(Listed entries)
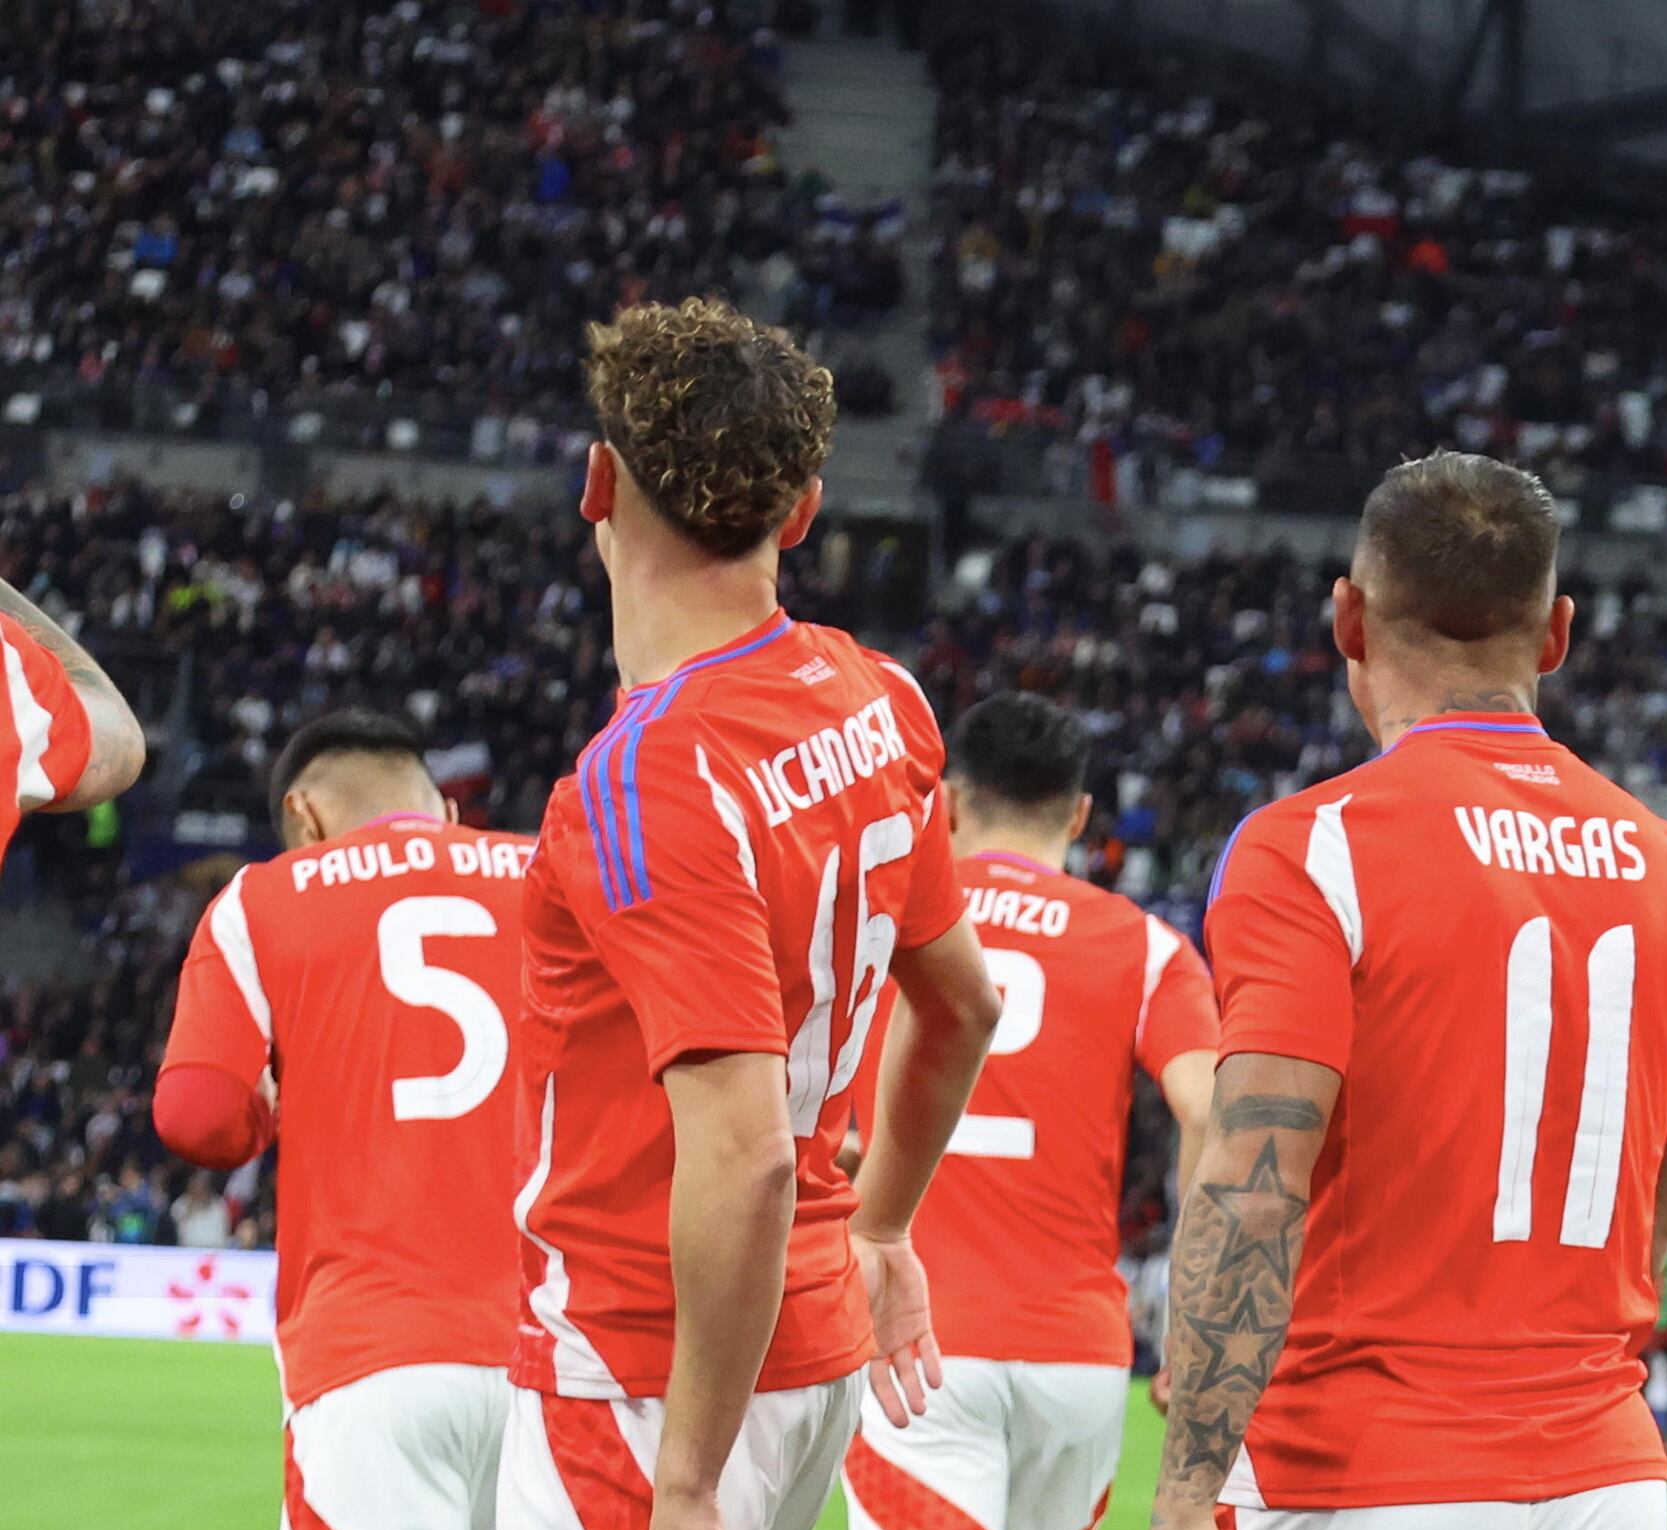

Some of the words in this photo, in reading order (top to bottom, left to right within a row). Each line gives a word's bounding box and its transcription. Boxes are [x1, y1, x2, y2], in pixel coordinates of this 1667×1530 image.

[291, 837, 436, 892] PAULO
[960, 887, 1071, 938] UAZO
[1454, 806, 1647, 881] VARGAS
[377, 896, 509, 1121] 5
[786, 811, 914, 1138] 16
[944, 947, 1046, 1160] 2
[1493, 915, 1636, 1249] 11
[12, 1260, 116, 1318] DF
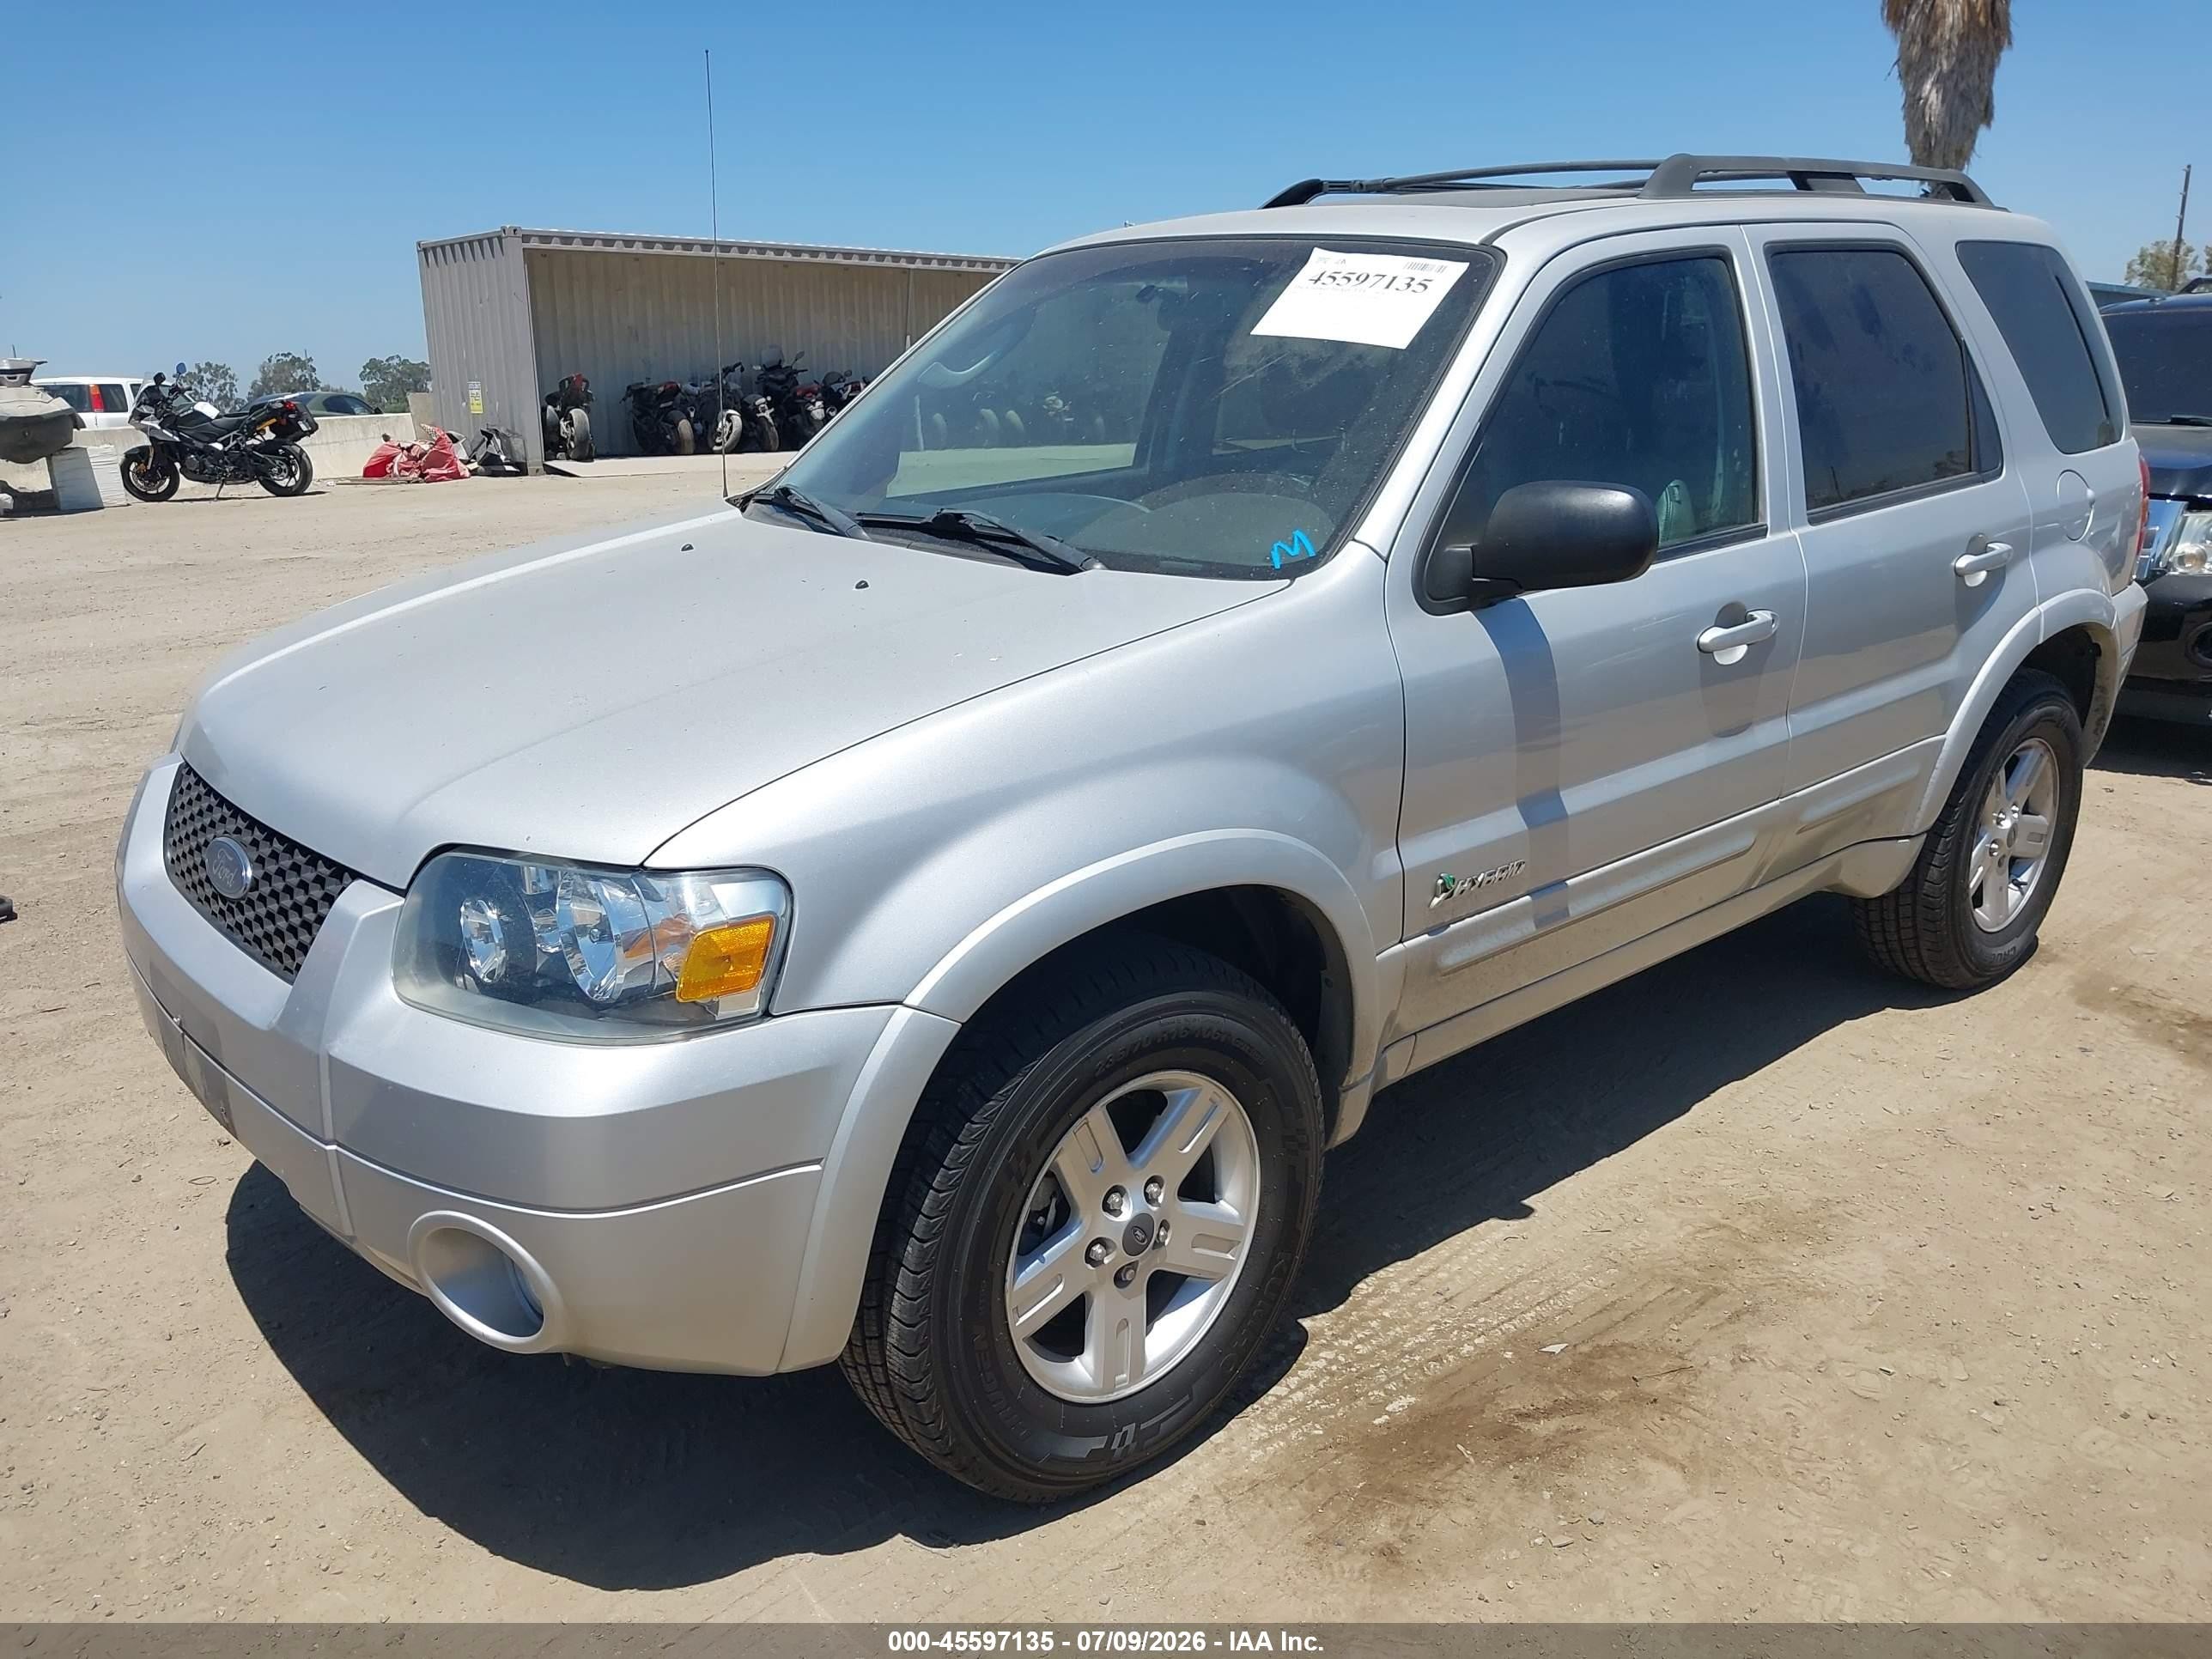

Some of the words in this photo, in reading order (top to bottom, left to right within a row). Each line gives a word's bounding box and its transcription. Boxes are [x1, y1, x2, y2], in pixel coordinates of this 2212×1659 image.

[1308, 270, 1433, 294] 45597135
[1271, 529, 1316, 568] M
[212, 848, 238, 888] Ford
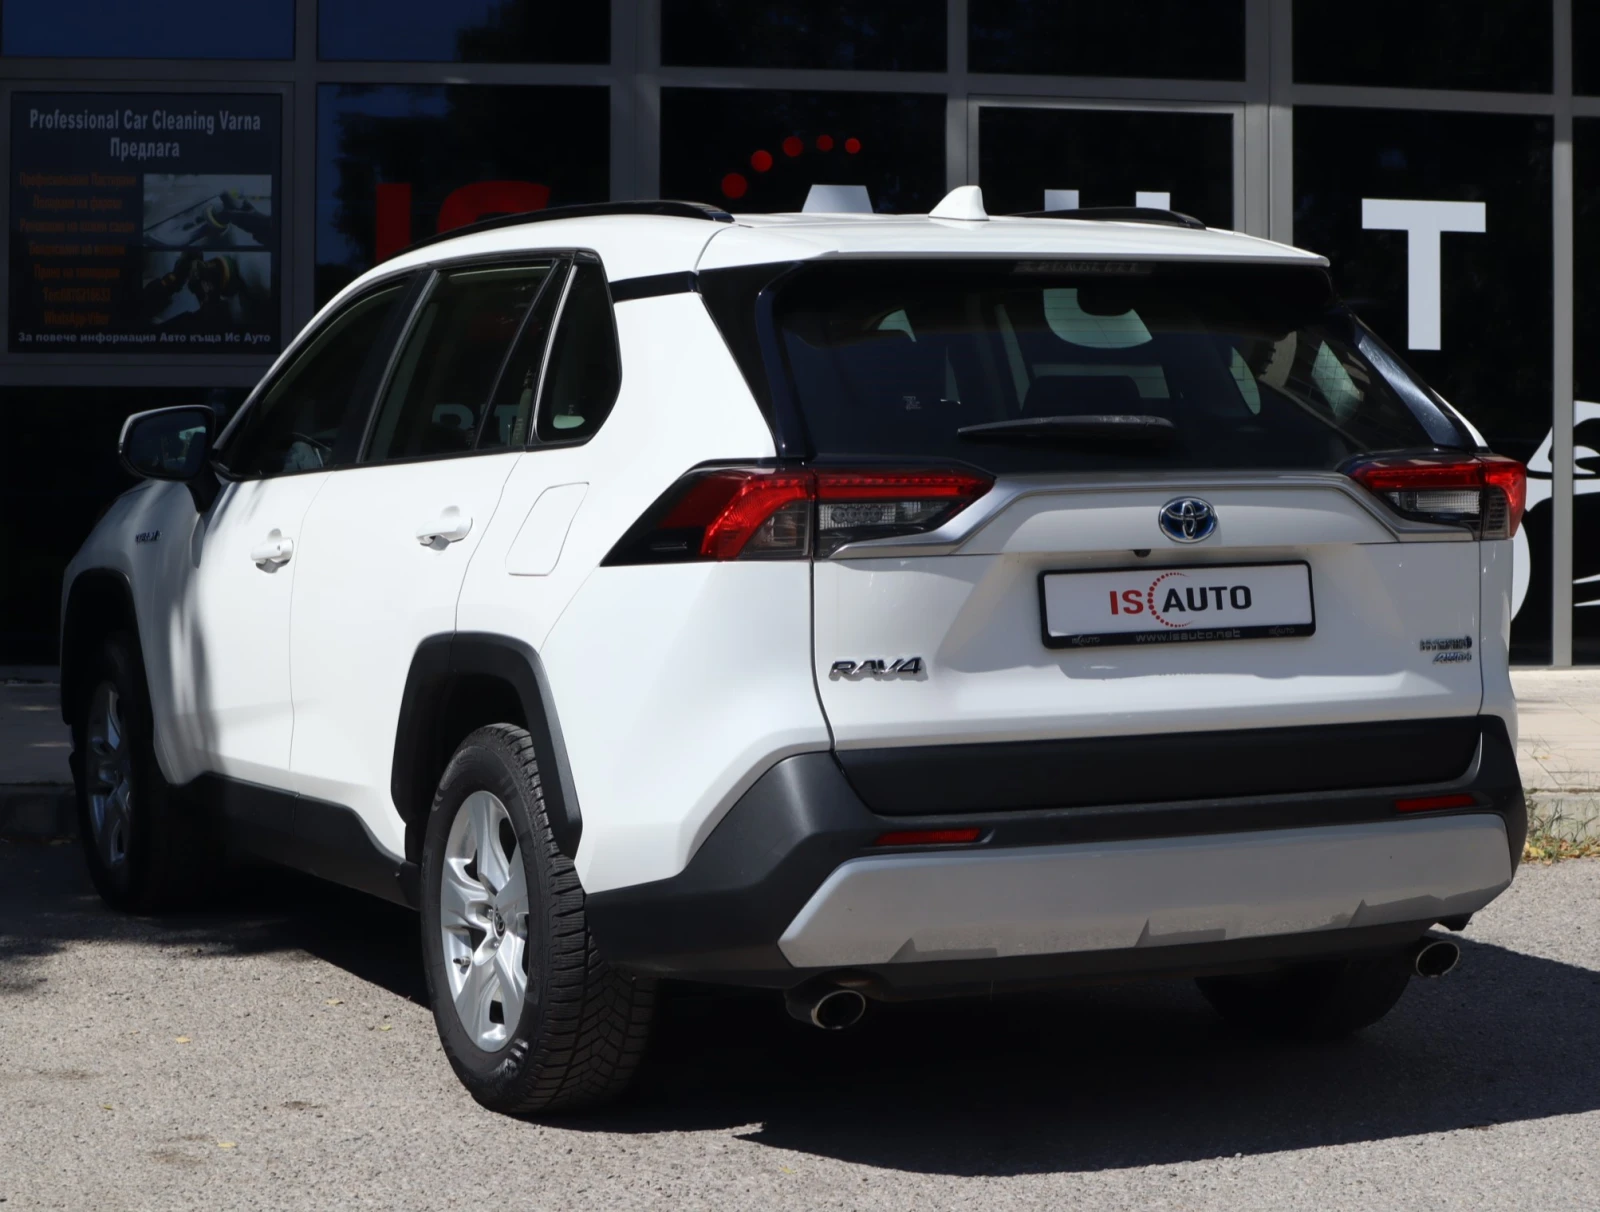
(End Listed entries)
> _Problem to solve_: The task calls for repeating each line above exactly while excluding the pictures.

> _Response_:
Some of the words in this photo, in reading order (top to bottom, left to right within a row). Each line gives a word's bounding box and its transcription. Boxes are [x1, y1, x2, y2], in pixel coordinates of this 1667×1530 image.

[291, 837, 436, 892] PAULO
[960, 887, 1071, 938] UAZO
[1454, 806, 1647, 881] VARGAS
[377, 896, 509, 1121] 5
[786, 811, 914, 1138] 16
[944, 947, 1046, 1160] 2
[1493, 915, 1636, 1249] 11
[12, 1260, 116, 1318] DF

Some of the words in this photo, in reading order (top to bottom, left to right within a row). Each line gives a word's bounding box and its transcription. Boxes are [x1, y1, x2, y2], in pixel coordinates of this 2212×1659 image.

[1308, 270, 1433, 294] 45597135
[1271, 529, 1316, 568] M
[212, 848, 238, 888] Ford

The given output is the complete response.